The `events' and `states' sections tell Peep servers to associate a name with a group of sounds. Filename descriptions in the Peep configuration file have a trailing asterisk extension followed by the number of sounds to load. Peep expands each asterisk into a two-digit number and loads, in ascending order, the number of sounds specified. All of the sound files loaded for a single entry then correspond to a single event. Every time that event occurs, the server will randomly play one of the associated sounds. This randomness makes the sound ambiance more natural. Heartbeats are created from streams of normal events from a client at suitable intervals. For state sounds, the server randomly strings together sound segments to create a non-repeating, random-sounding background ambiance. To keep transitions between sound segments sounding natural, the user can specify a linear fade time between segments.
The final step is to configure and deploy some of the clients provided with Peep. Two of those are discussed here: Peck and LogParser.
Peck is a command-line utility provided with Peep. It allows the user to tell a server to play (and how to play) a given sound. Peck is an example of a dumb client and bypasses the auto-discovery and leasing mechanisms. Event and state attributes are specified on the command-line and delivered directly to the server. Some command-line options apply to event sounds and others to background sounds, but the user need only remember a small number of options to get the Peep server to play some interesting things. Peck can be called with appropriate arguments from a shell script if a user does not wish to use a client library. Ideally, one should only utilize Peck to talk to servers on the same physical machine, or to report very infrequent events since Peck's inability to use auto-discovery and leasing capabilities means that calling applications will have no knowledge of the state of the receiving server. Peck is handy for a variety of simple tasks, including debugging installations, testing how things sound together, experimenting with Peep's capabilities, and interfacing Peep with other monitoring systems (such as an existing Swatch or mon installation).
A simple log analyzer, similar to Swatch, is also provided with Peep. LogParser takes advantage of Peep's auto-discovery and leasing mechanisms. It is also an efficient distributed tool. LogParser reads its entire configuration but only searches for and remembers textual patterns specified on the command-line. It was designed to have multiple instances run on several different machines, each scanning for different sets of textual patterns on each client machine.
LogParser is flexible, easy to configure, and provides a simple way to access Peep's capabilities for representing events and states. It analyzes log messages as they are added to the log file and scans them for regular expressions. LogParser uses simple configuration syntax to generate command-line options and determine which sounds to associate with which particular events. Several options follow:
Directives in the LogParser configuration can be enabled or disabled via command-line options. Each line of the LogParser configuration corresponds to a user-specified single-letter option. In Figure 4, incoming and outgoing mail are mapped to command-line options ``I'' and ``O'', respectively. Thus, an invocation of LogParser searching for incoming mail might look as follows:
LogParser -events=I -logfile=/var/log/messagesShould the user forget the options, a help option will conveniently generate a list of user-configured options.

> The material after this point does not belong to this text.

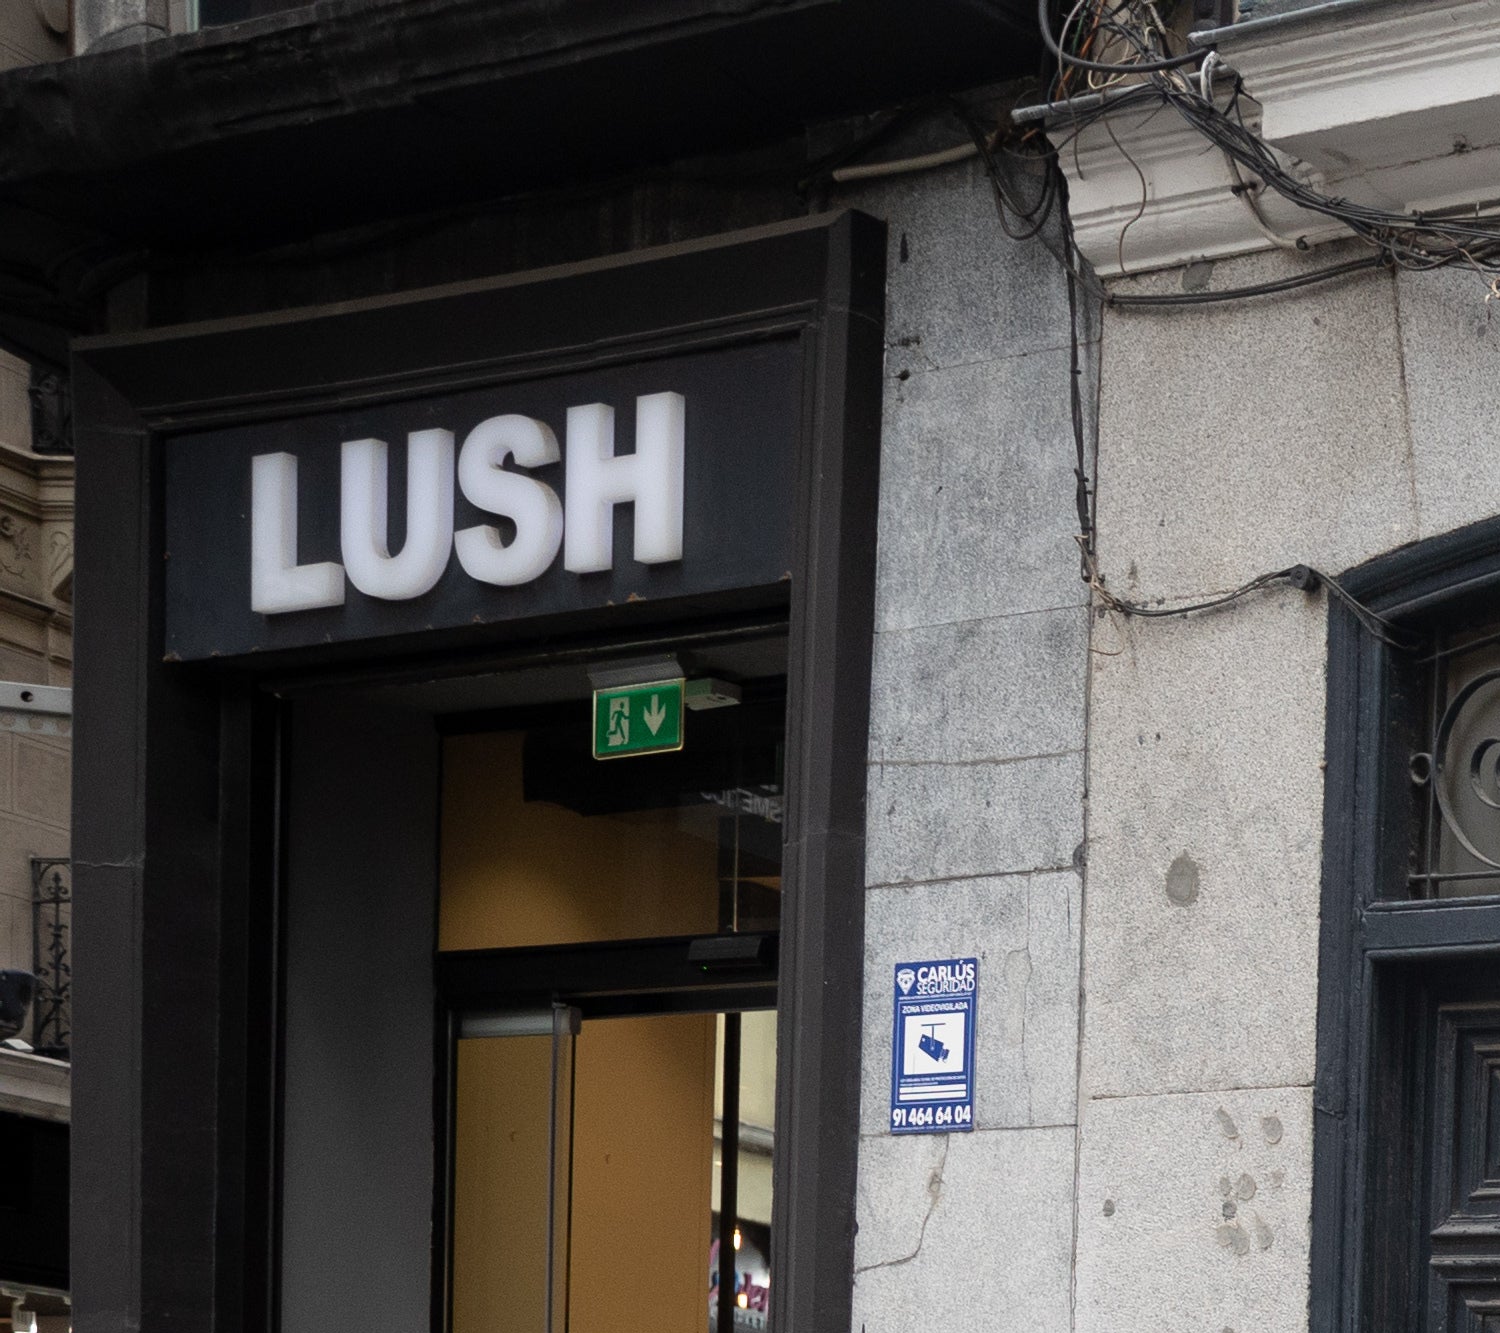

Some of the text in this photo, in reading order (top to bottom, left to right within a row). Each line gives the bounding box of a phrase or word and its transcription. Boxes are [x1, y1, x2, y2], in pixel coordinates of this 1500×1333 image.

A single instance of LogParser can scan numerous logs simultaneously. It can send event streams to multiple servers automatically via the auto-discovery and domain-class mechanisms. These features provide the user with a myriad of options for structuring the architecture of Peep within a network.
To deal with copious amounts of incoming network data, Peep has a queuing and windowing system that handles large numbers of simultaneous events. This ensures that events are played in the order of receipt and in accordance with their particular priority. Peep will also discard events from its queue if too much time elapses between receipt and playtime, in order to keep events relevant.
Peep plays sounds by mixing sources in software. Since having large numbers of simultaneous voices can become computationally expensive, the user can tweak Peep's performance by changing the number of voices used when mixing sound. Less mixing voices tend to mean that the Peep's queuing and windowing system gets more usage, but the two always strike a balance to keep events accurately positioned in terms of time of occurrence.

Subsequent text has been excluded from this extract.